Your task is to print all of the data below exactly, with no pictures included.

#####

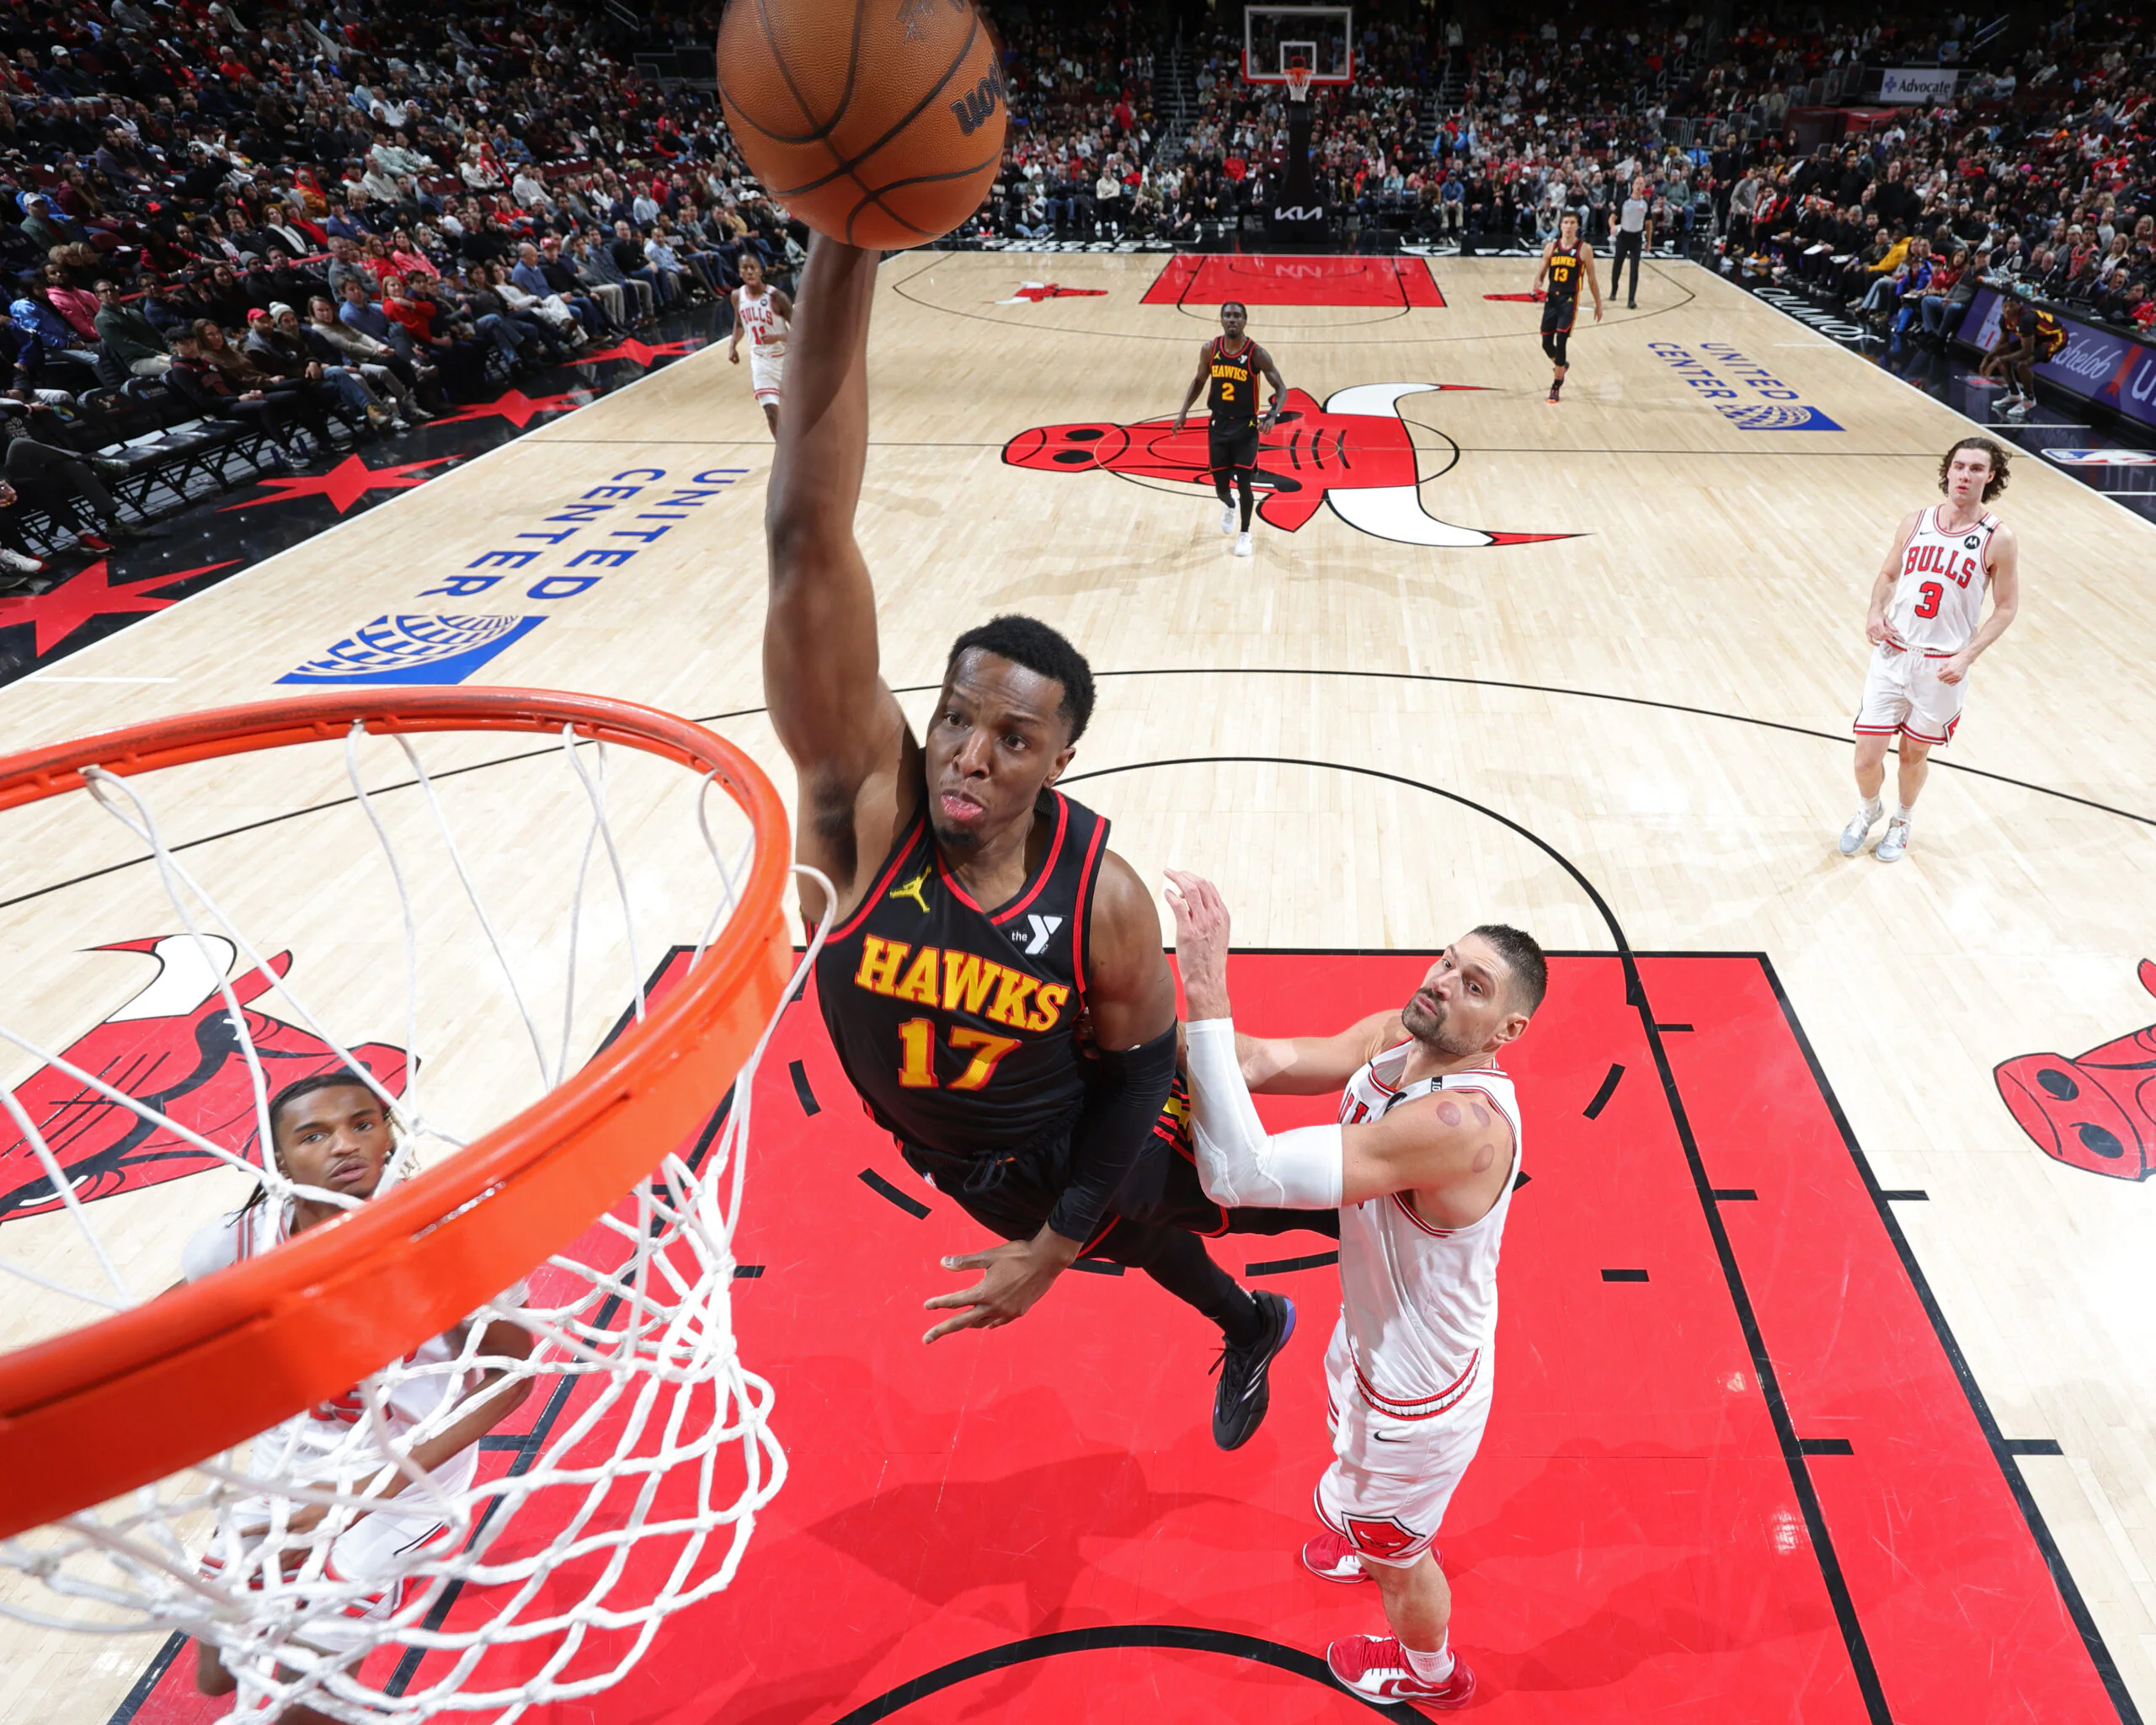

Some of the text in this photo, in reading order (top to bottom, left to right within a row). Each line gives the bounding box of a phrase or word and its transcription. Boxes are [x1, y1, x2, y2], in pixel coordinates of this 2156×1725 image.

[1898, 77, 1951, 93] Advocate
[1274, 206, 1323, 221] KIA
[1554, 267, 1569, 282] 13
[1752, 287, 1886, 343] CALAMOS
[1211, 365, 1248, 382] HAWKS
[1221, 382, 1235, 401] 2
[1647, 342, 1738, 399] CENTER
[1700, 342, 1799, 400] UNITED
[414, 468, 667, 598] CENTER
[526, 468, 750, 599] UNITED
[1903, 545, 1976, 590] BULLS
[1914, 581, 1944, 620] 3
[1011, 931, 1027, 943] the
[855, 932, 1071, 1033] HAWKS
[898, 1017, 1022, 1091] 17

#####

WRITTEN REPLY
Some of the text in this photo, in reading order (top to bottom, left to right within a row). Each line gives the bounding box of a phrase or word and its transcription. Boxes are [x1, y1, x2, y2], in pixel coordinates of this 2156×1725 image.

[1898, 77, 1951, 93] Advocate
[1274, 206, 1323, 221] KIA
[1554, 267, 1569, 282] 13
[1752, 287, 1886, 343] CALAMOS
[1211, 365, 1248, 382] HAWKS
[1221, 382, 1235, 401] 2
[1647, 342, 1738, 399] CENTER
[1700, 342, 1799, 400] UNITED
[414, 468, 667, 598] CENTER
[526, 468, 750, 599] UNITED
[1903, 545, 1976, 590] BULLS
[1914, 581, 1944, 620] 3
[1011, 931, 1027, 943] the
[855, 932, 1071, 1033] HAWKS
[898, 1017, 1022, 1091] 17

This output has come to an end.